Institutional inertia: The upswing delayed

Even when the need for change is understood, social institutions and the general framework of socio-economic regulation[20] have a natural inertia, partly as the result of past successes, partly due to vested interests. It is only when the diffusion of the new paradigm has reached a certain critical mass, imposing its new modernizing logic upon the rest of the productive system, that both the painful consequences of the process of "creative destruction" and the obstacles to a full -and beneficial- deployment of the new potential become fully visible.

Indeed, the social consequences of each transition are vast and profound, as is the human suffering. They involve widespread unemployment [21] ; the obsolescence of qualifications at all levels; the destruction of the livelihood of many; the geographic dislocation of people and activities; the growth of rapid wealth at one end and of growing poverty at the other, within each country and between regions and countries[22] . (See Figure 3-A)
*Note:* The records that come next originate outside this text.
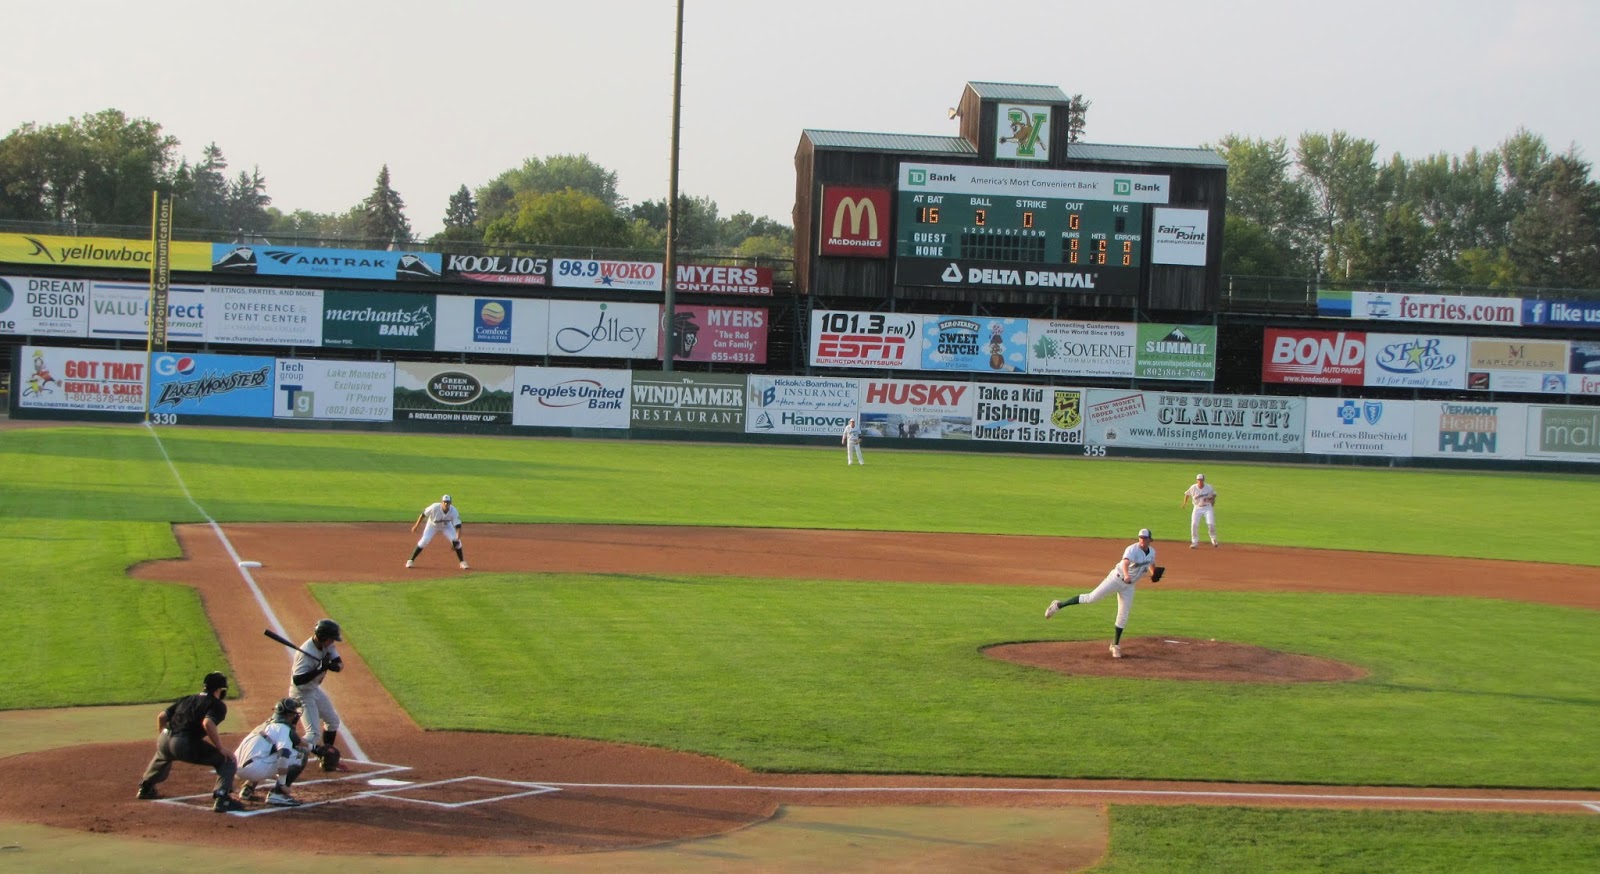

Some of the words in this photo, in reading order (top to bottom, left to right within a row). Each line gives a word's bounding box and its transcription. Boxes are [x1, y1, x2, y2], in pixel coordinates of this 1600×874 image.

[929, 173, 957, 182] Bank
[970, 176, 1008, 185] America's
[1009, 177, 1029, 187] Most
[1031, 179, 1076, 188] Convenient
[1077, 181, 1097, 190] Bank
[1134, 182, 1160, 192] Bank
[913, 195, 924, 203] AT
[927, 196, 944, 204] BAT
[970, 197, 992, 206] BALL
[1016, 200, 1047, 209] STRIKE
[1065, 202, 1084, 210] OUT
[922, 207, 939, 223] 16
[1112, 204, 1129, 213] H/E
[1023, 212, 1033, 228] 0
[1158, 225, 1180, 234] Fair
[1176, 231, 1205, 241] Point
[157, 198, 169, 290] Communications
[828, 238, 882, 247] McDonald's
[914, 232, 947, 244] GUEST
[60, 244, 152, 263] yellowboo
[915, 245, 943, 256] HOME
[297, 256, 385, 268] AMTRAK
[447, 255, 507, 273] KOOL
[509, 257, 549, 275] 105
[559, 260, 599, 277] 98.9
[600, 263, 656, 280] WOKO
[676, 265, 758, 285] MYERS
[498, 275, 523, 283] Classic
[968, 268, 1022, 285] DELTA
[1025, 271, 1095, 289] DENTAL
[28, 279, 84, 293] DREAM
[675, 283, 770, 294] ONTAINERS
[27, 292, 85, 306] DESIGN
[32, 306, 79, 319] BUILD
[94, 300, 204, 318] VALU-rect
[224, 302, 296, 312] CONFERENCE
[1399, 296, 1515, 323] ferries.com
[1550, 303, 1582, 321] like
[155, 293, 167, 345] FairPoint
[224, 313, 259, 322] EVENT
[264, 314, 307, 323] CENTER
[326, 307, 412, 323] merchants
[707, 309, 764, 328] MYERS
[379, 324, 420, 336] BANK
[475, 326, 508, 335] Comfort
[821, 313, 886, 334] 101.3
[887, 326, 904, 335] FM
[735, 331, 749, 339] Red
[938, 333, 979, 344] SWEET
[817, 334, 906, 359] ESPN
[937, 344, 979, 355] CATCH!
[1063, 342, 1134, 358] SOVERNET
[1145, 340, 1207, 355] SUMMIT
[1271, 332, 1365, 370] BOND
[711, 352, 755, 362] 655-4312
[1477, 359, 1555, 368] MAPLEFIELDS
[65, 360, 99, 379] GOT
[102, 362, 144, 380] THAT
[280, 361, 304, 372] Tech
[1322, 366, 1340, 374] AUTO
[1341, 367, 1362, 375] PARTS
[280, 372, 304, 381] group
[327, 369, 347, 378] Lake
[349, 370, 387, 379] Monsters
[1283, 375, 1342, 384] www.bondauto.com
[156, 380, 198, 407] LAKE
[195, 367, 270, 400] MONSTERS
[334, 381, 372, 391] Exclusive
[774, 379, 798, 387] Hickok
[806, 380, 844, 389] Boardman,
[845, 381, 858, 389] Inc.
[1387, 377, 1398, 385] for
[1400, 377, 1430, 386] Family
[1431, 378, 1453, 387] Fun!
[64, 382, 101, 394] RENTAL
[112, 383, 143, 396] SALES
[520, 384, 577, 399] People's
[578, 386, 625, 399] United
[784, 388, 851, 398] INSURANCE
[866, 383, 968, 406] HUSKY
[978, 386, 1009, 401] Take
[1011, 389, 1019, 401] a
[1022, 388, 1043, 402] Kid
[346, 394, 355, 402] IT
[357, 394, 387, 403] Partner
[632, 384, 743, 408] WINDJAMMER
[1159, 395, 1188, 407] IT'S
[1191, 396, 1233, 408] YOUR
[1237, 398, 1292, 410] MONEY.
[325, 405, 348, 416] (802)
[588, 399, 622, 410] Bank
[815, 401, 826, 409] you
[1091, 410, 1114, 419] ADDED
[1115, 403, 1142, 413] YEARLY
[1094, 404, 1110, 412] NEW
[1112, 398, 1136, 407] MONEY
[1441, 403, 1498, 415] VERMONT
[153, 413, 177, 425] 330
[632, 409, 743, 424] RESTAURANT
[781, 412, 852, 426] Hanover
[977, 402, 1044, 425] Fishing.
[1157, 407, 1245, 427] CLAIM
[1251, 410, 1291, 429] IT!
[1441, 415, 1495, 432] Health
[975, 425, 1014, 440] Under
[1017, 427, 1031, 441] 15
[1034, 427, 1046, 441] is
[1049, 429, 1081, 443] Free!
[1129, 427, 1300, 443] www.MissingMoney.Vermont.gov
[1311, 429, 1357, 439] BlueCross
[1358, 431, 1407, 441] BlueShield
[1333, 441, 1343, 449] of
[1345, 441, 1384, 450] Vermont
[1439, 431, 1497, 453] PLAN
[1083, 445, 1106, 457] 355
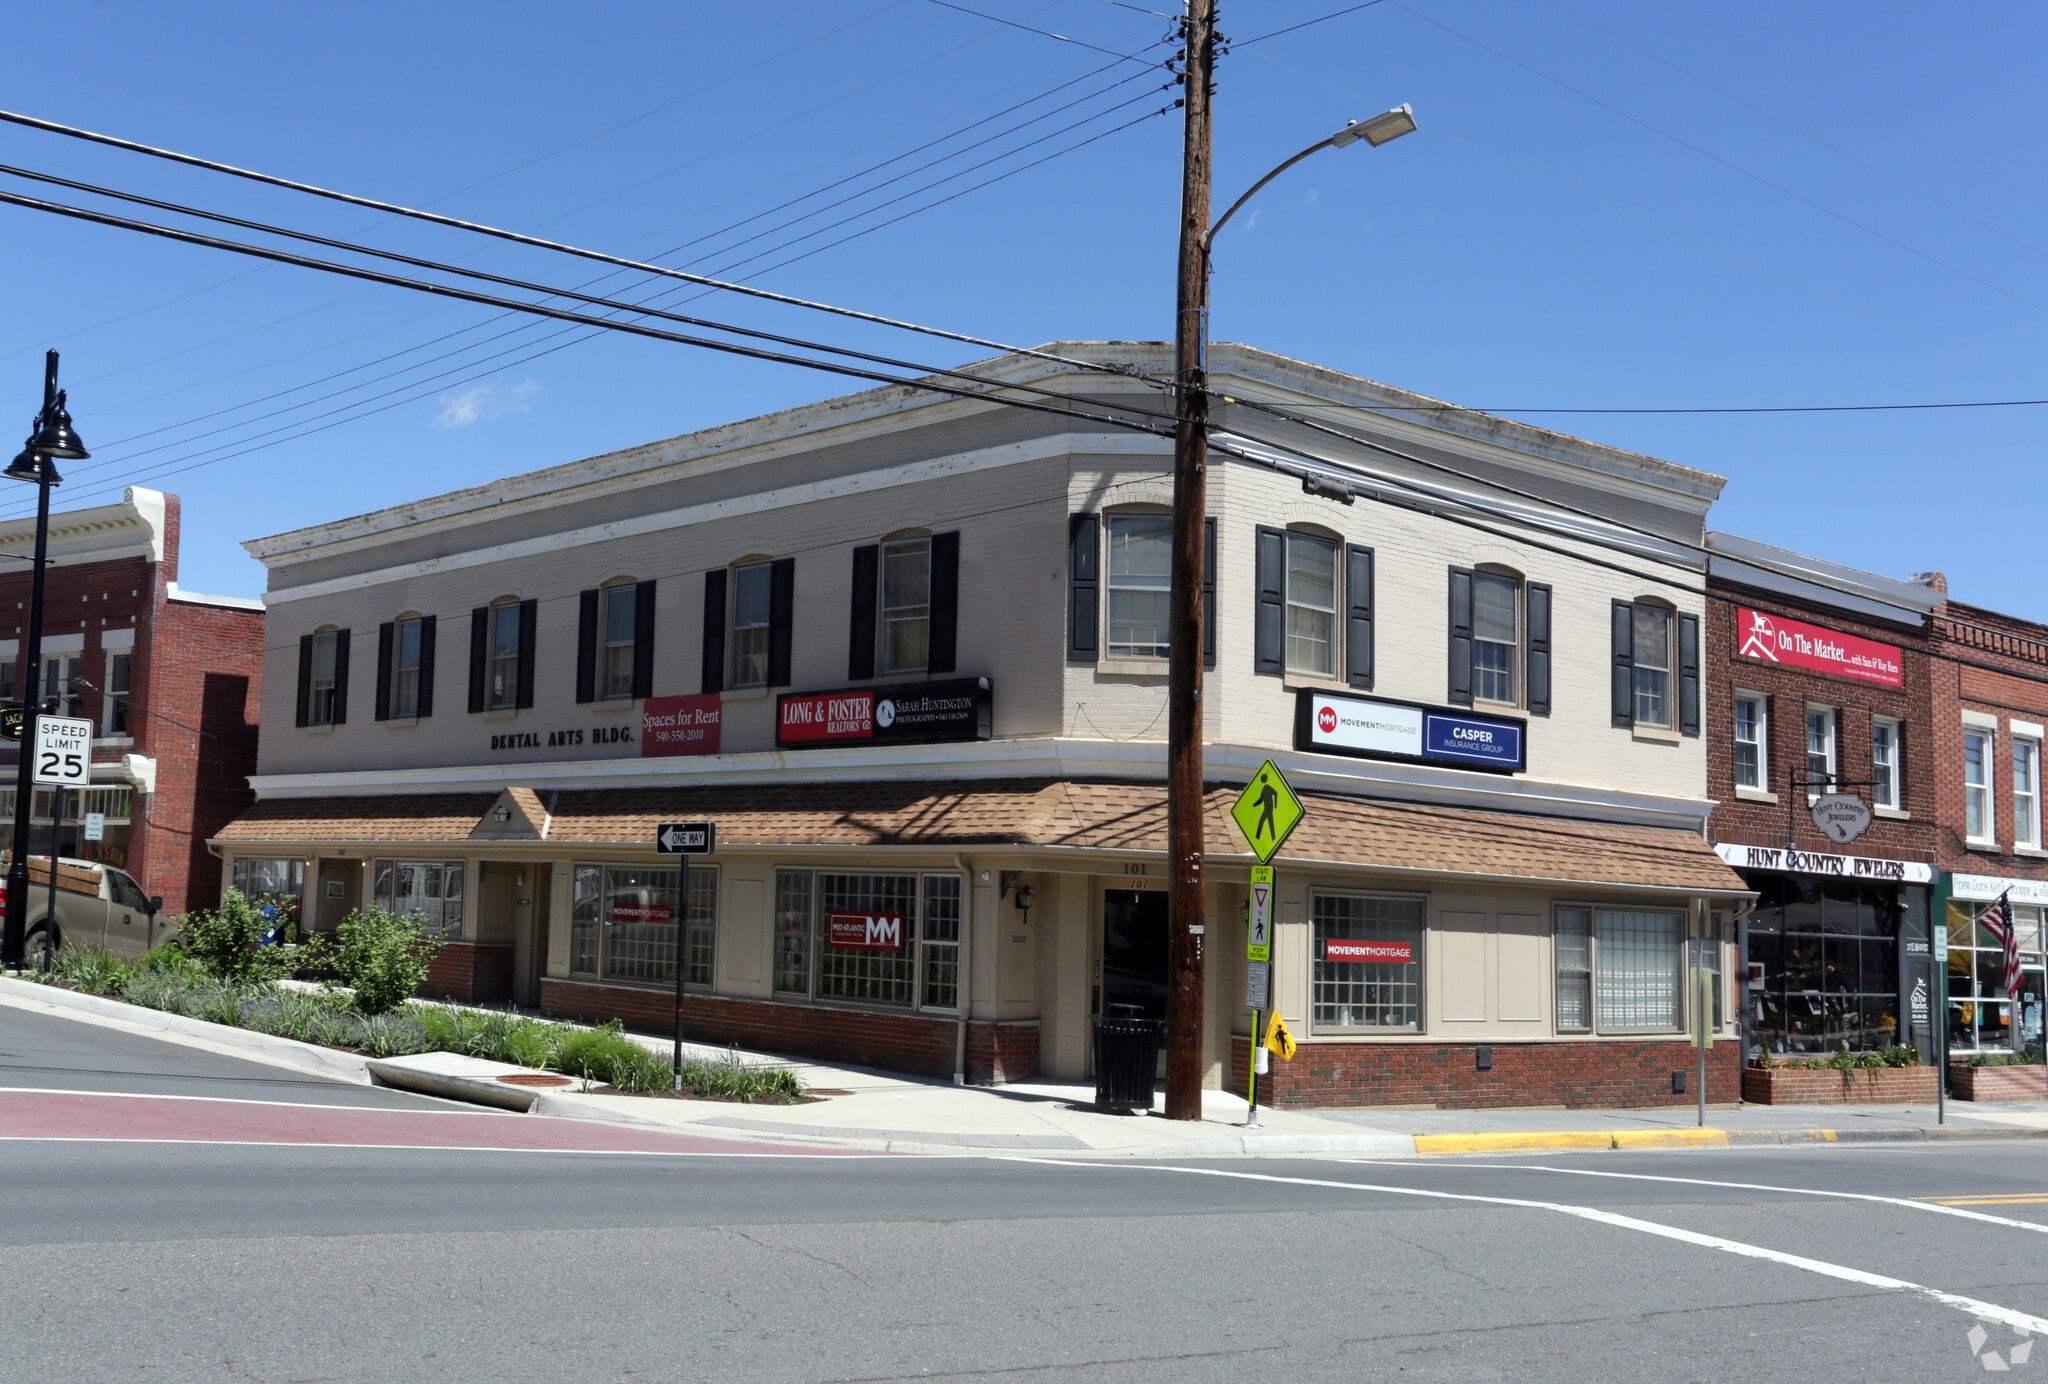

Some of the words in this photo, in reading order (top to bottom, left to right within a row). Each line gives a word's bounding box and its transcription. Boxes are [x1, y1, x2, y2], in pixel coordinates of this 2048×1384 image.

[1779, 630, 1792, 650] On
[1794, 634, 1812, 654] The
[783, 702, 812, 725] LONG
[815, 702, 825, 723] &
[828, 697, 870, 722] FOSTER
[896, 699, 919, 713] SARAH
[921, 697, 972, 711] HUNTINGTON
[643, 712, 675, 732] Spaces
[678, 709, 692, 725] for
[695, 708, 720, 725] Rent
[895, 713, 935, 724] PHOTOGRAPHY
[1319, 713, 1335, 727] MM
[1340, 717, 1417, 735] MOVEMENTMORTGAGE
[42, 724, 87, 738] SPEED
[827, 720, 860, 733] REALTORS
[491, 732, 540, 750] DENTAL
[547, 730, 583, 747] ARTS
[592, 726, 634, 744] BLDG.
[656, 729, 704, 742] 540-550-2010
[1453, 727, 1493, 743] CASPER
[46, 738, 81, 750] LIMIT
[1444, 739, 1480, 752] INSURANCE
[1481, 742, 1503, 754] GROUP
[40, 752, 83, 778] 25
[1815, 803, 1833, 816] HUNT
[1834, 801, 1866, 816] COUNTRY
[1826, 813, 1857, 824] JEWELERS
[672, 832, 687, 844] ONE
[689, 832, 704, 844] WAY
[1123, 863, 1147, 875] 101
[1747, 848, 1781, 867] HUNT
[1786, 851, 1847, 874] COUNTRY
[1850, 858, 1905, 878] JEWELERS
[1255, 867, 1269, 875] STATE
[1131, 881, 1148, 889] 101
[832, 923, 865, 932] MID-ATLANTIC
[866, 916, 900, 947] MM
[1327, 945, 1411, 957] MOVEMENTMORTGAGE
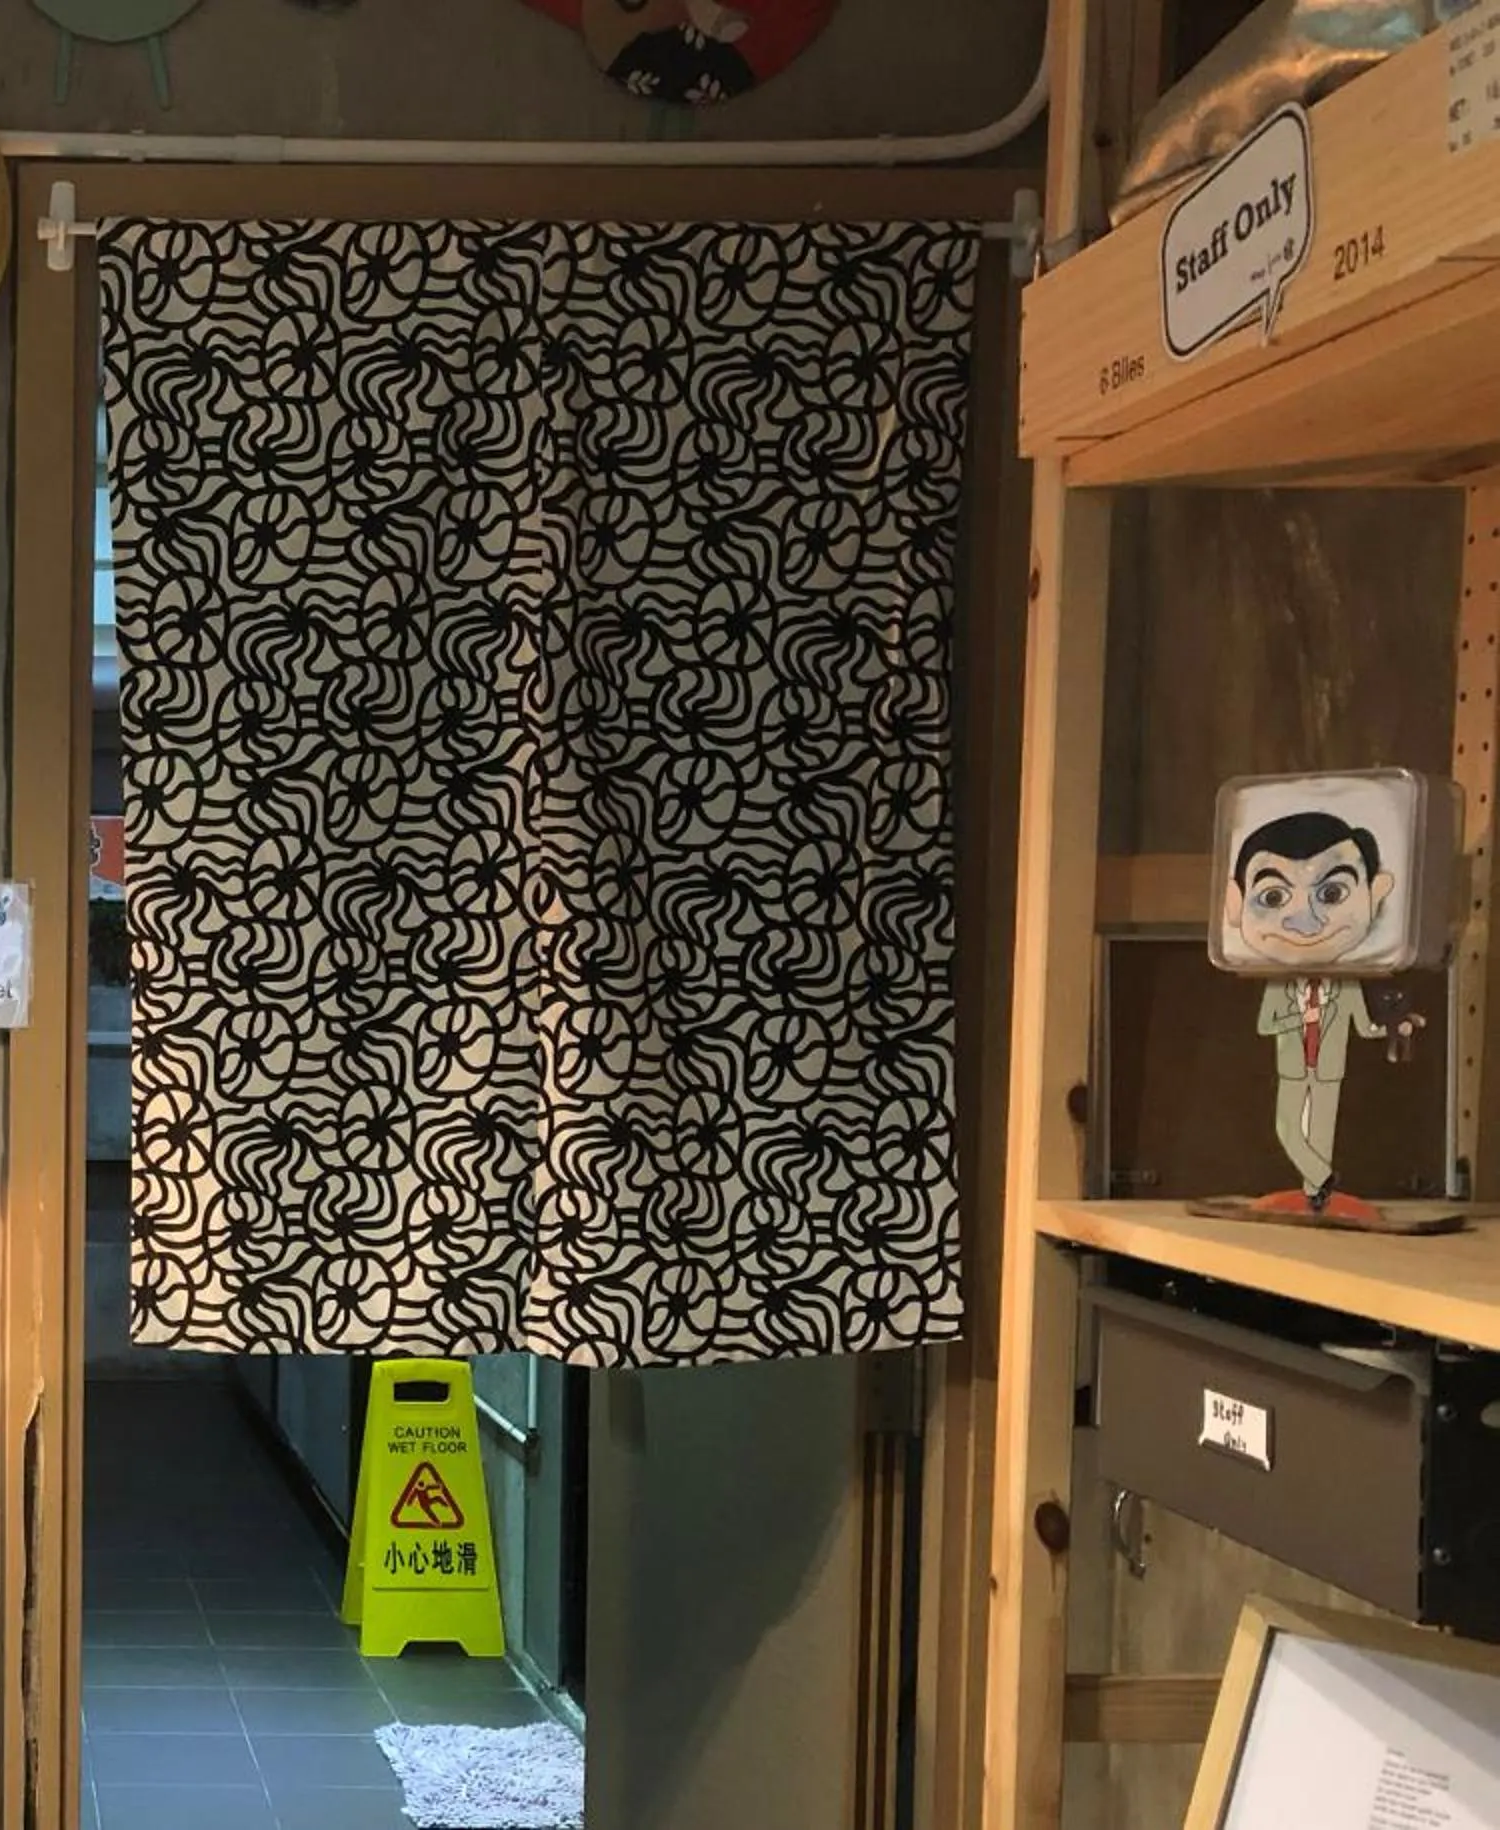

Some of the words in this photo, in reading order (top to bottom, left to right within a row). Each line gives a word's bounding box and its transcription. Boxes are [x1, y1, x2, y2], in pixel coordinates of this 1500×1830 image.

[1176, 220, 1230, 294] Staff
[1233, 172, 1297, 242] Only
[1333, 224, 1385, 281] 2014
[1213, 1399, 1244, 1426] Staff
[387, 1441, 417, 1454] WET
[422, 1441, 468, 1454] FLOOR
[394, 1425, 461, 1439] CAUTION
[383, 1538, 478, 1576] 小心地滑
The Transition Period: Socio-Political Impact of Centrifugal Trends

It is then that the social pressure for change is clearly felt; that the erstwhile effective recipes applied by governments and other institutions are revealed as powerless and that the need for a deep institutional renewal becomes more and more self-evident. But the necessary transformation is not easy nor can it happen quickly. There ensues an increasingly severe mismatch between a socio-institutional framework geared to supporting the deployment of the old paradigm and the new requirements of a techno-economic sphere brimming with change. Further still, the persistent application of the now obsolete practices, can actually aggravate the situation and contribute to a collapse (as was the case with the crash of 1929 and the ensuing crisis of the 1930's).

So, during paradigm transitions, there are very intense transformations in technology and the economy and a high level of inertia and confusion in the socio-institutional sphere. It is this difference in rhythm of change that leads to the decoupling which we hold is characteristic of the downswing decades of Kondratiev long waves. The upswing decades begin as structural coherence is reestablished, by means of vast socio-institutional innovations, in response to the requirements of the new paradigm and geared to facilitating the full transformation in the productive sphere.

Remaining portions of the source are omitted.